Don't close your ears to the need to change
IN EVERY secondary school staffroom in Scotland you can't hear yourself think because of the clicks of the tricoteuses and their noisy comments on Higher Still. Added to this, it seems every member of the fourth estate is volunteering to pull the tumbrils containing Messrs Tuck, Millar and Galbraith to the scaffold. But I am afraid David Cockburn's attack on the Scottish Qualifications Authority (TESS, September 29) is an article too far and needs to be challenged.
It was insulting in its references to Scottish further education and, more dangerously, conveyed a false impression of the "virtues" of the traditional Higher English examination. Since Mr Cockburn adopted such an ad hominem approach, I suppose I had better follow suit. I have more than 30 years' experience in FE. I began my career by teaching Higher English and A-level English and am currently teaching the last intake (or will it be?) for the traditional Higher English examination in spring next year.

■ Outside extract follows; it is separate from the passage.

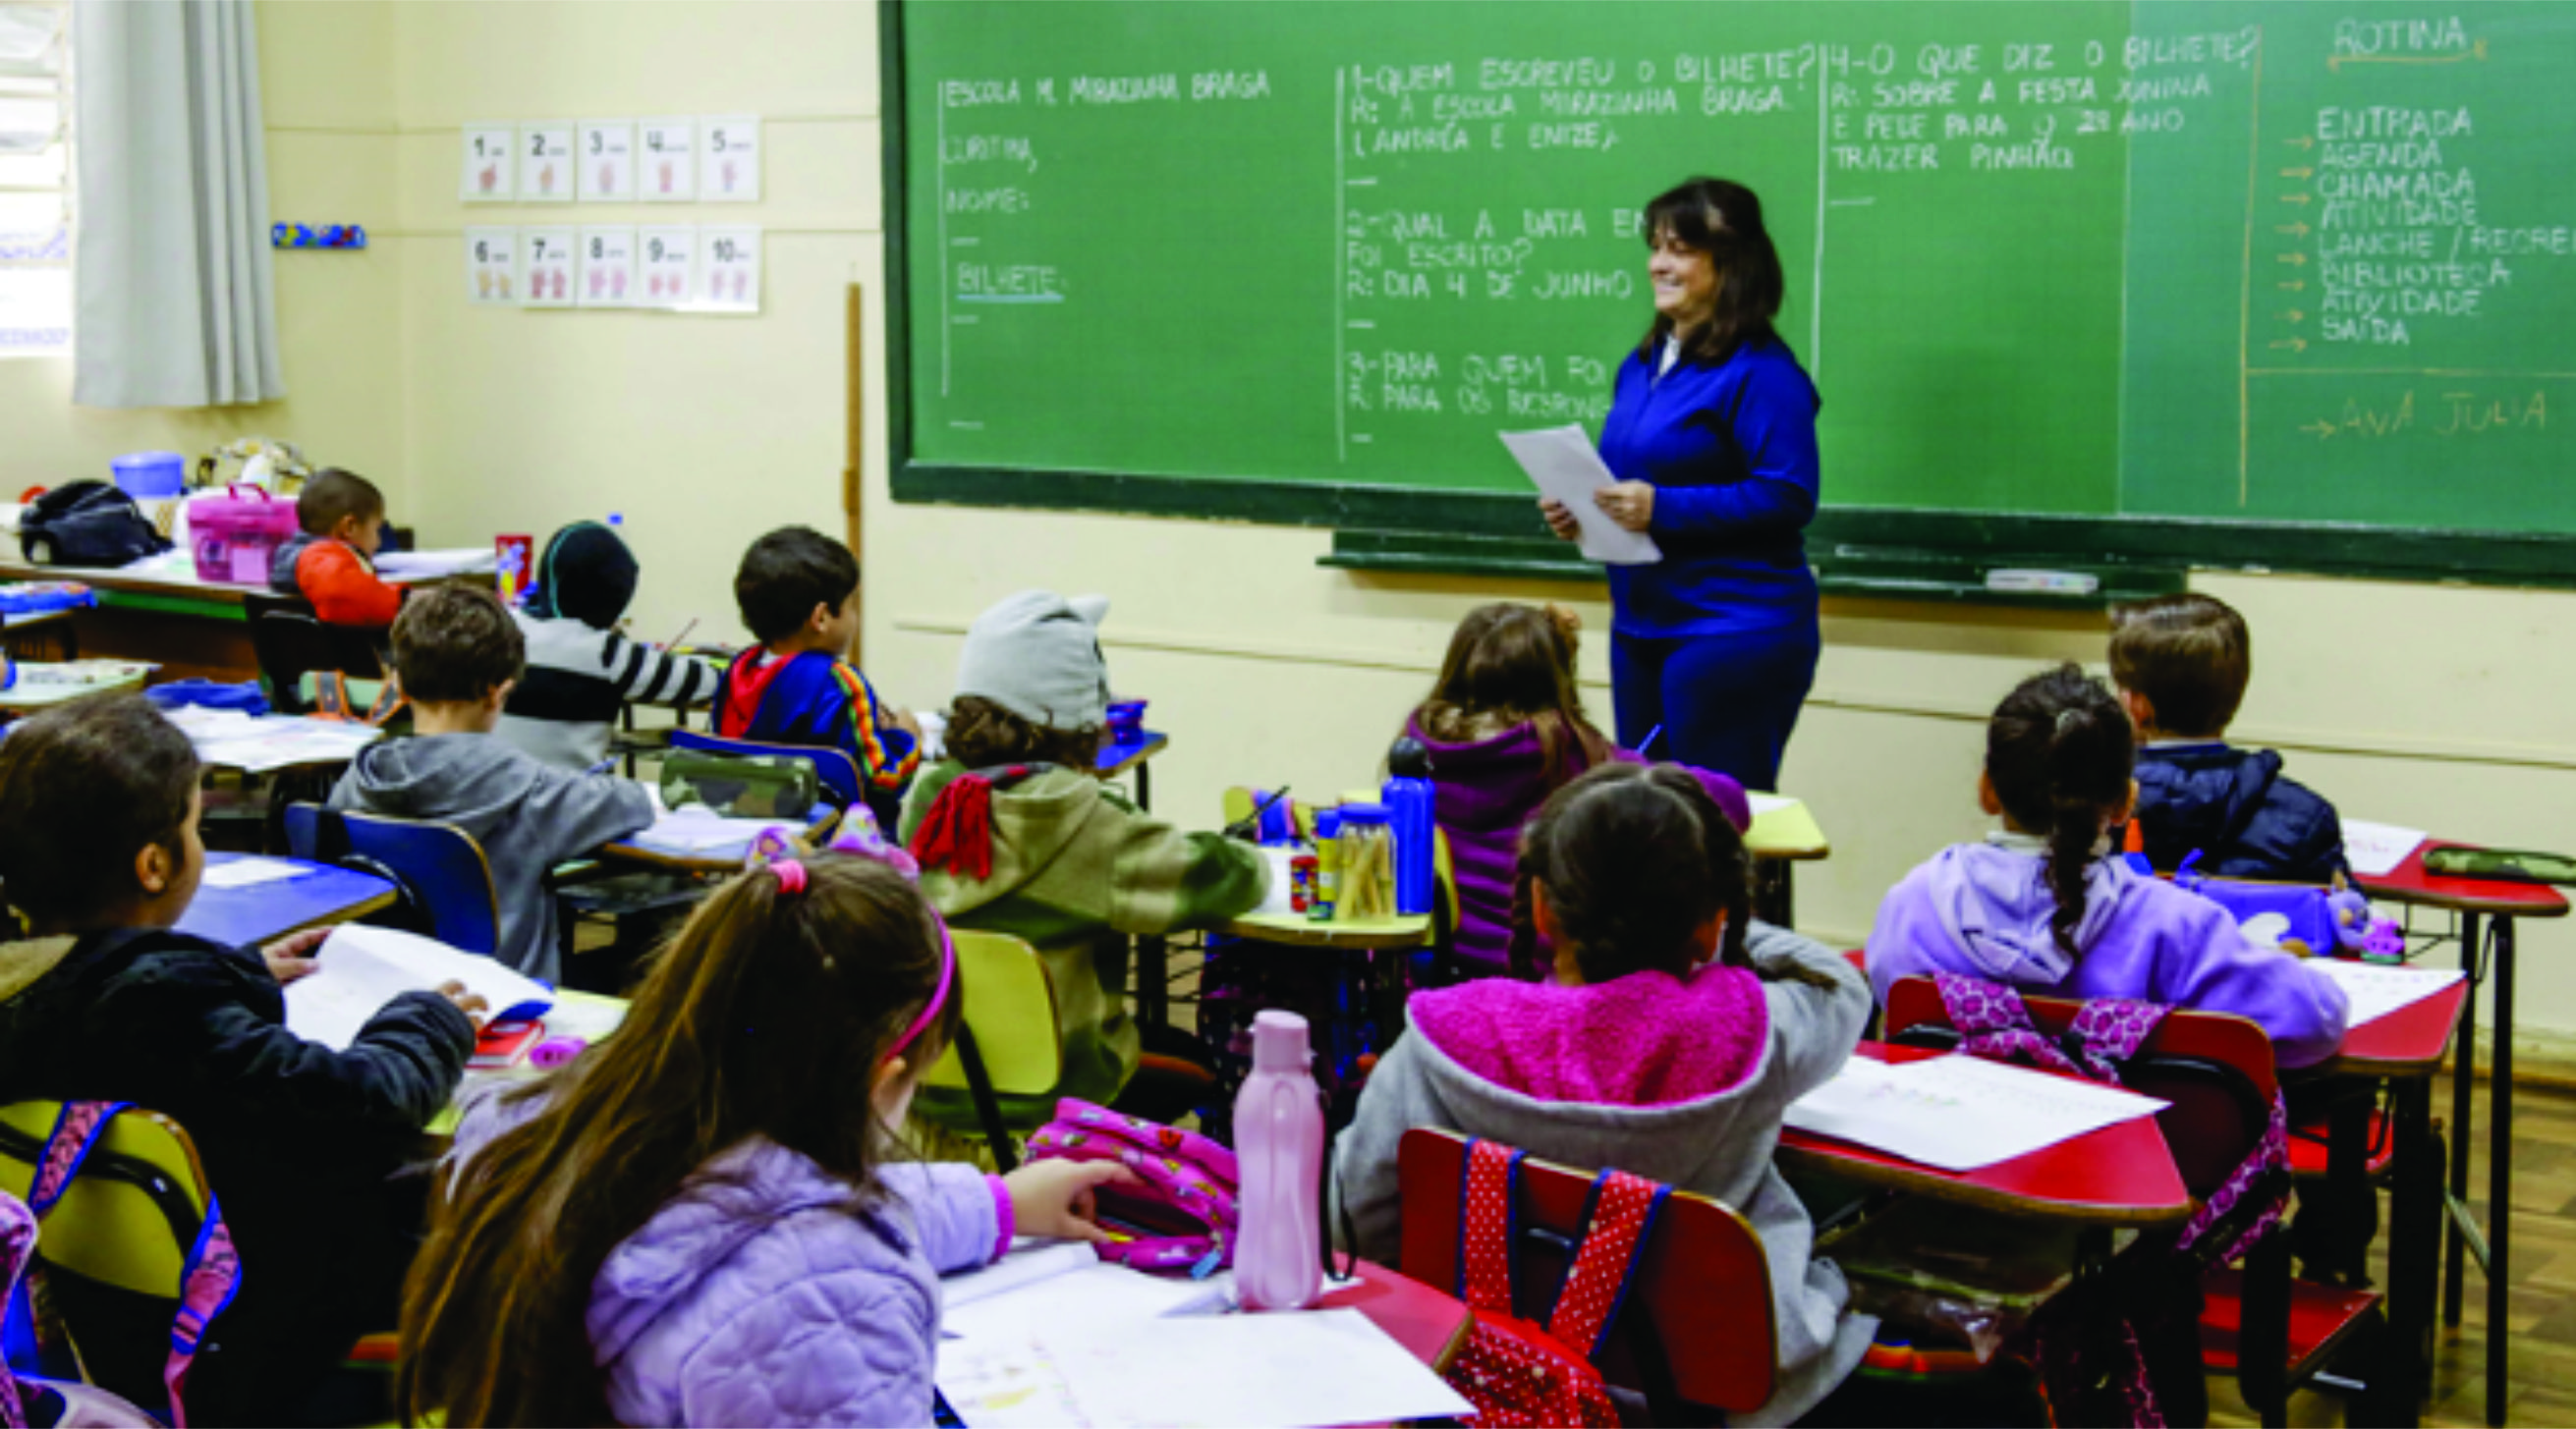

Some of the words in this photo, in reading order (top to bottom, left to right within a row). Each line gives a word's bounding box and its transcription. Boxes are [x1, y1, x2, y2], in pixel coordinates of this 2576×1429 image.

I have also worked as an examiner for the former Scotbec, Scotec and Scotvec. I have taught undergraduates and postgraduates and I also have some experience of dealing with the media training needs of employers in Scotland in the broadcasting and newspaper industries. But enough of me - to the Cockburn article.
Once Mr Cockburn abandons the autobiographical approach and begins to present a broader analysis we are given three key elements: the inestimable value of external assessment, the different, culturally lower needs of further education and the renowned excellence of the (old) Higher English.
Terminal and external seem in his argument to present a model of excellence which has been abandoned. The Scottish Examination Board was judge and jury in its own cause and my limited experience with it as a marker led me to doubt if it was indeed the fount of all objective marking. External exams at Higher too often were set in a predicable tired format, subject to revision possibly once in a decade and bearing little relation to the needs of either employers or institutions like universities and, dare I say it, FE colleges.
Scotvec's "modular system so well suited to further education did not translate easily into the secondary sector". I'm not sure what to make of this phrase of Mr Cockburn's. Are schools simply unable to cope? I thought they were doing that all the time in Mr Cockburn's world.
But he goes on to explain that while "it is fairly easy to break down the skills required to maintain and develop customer service, it is an entirely different affair to adopt the same approach to assessing the skills required to understand and appreciate Hamlet". Understand and appreciate. Ah now I see - on the one side of the counter some drone, a product of the Gradgrind FE Institute (Scotland), serving ome precious soul who, if push comes to shove, can recite all of "Oh what a rogue and peasant slave am I". Two cultures right enough.
And why, pray, is "the modular approach so well suited to further education candidates"? FE in Scotland certainly delivers modular learning but also is often engaged in external professional examinations, research and exchange programmes with European Union institutions. We have moved on a little from the model he seems to propose. And anyway, I want to live in a world where someone can fix a burst pipe and has heard of the fourth "Eclogue" without being regarded as some kind of strange species.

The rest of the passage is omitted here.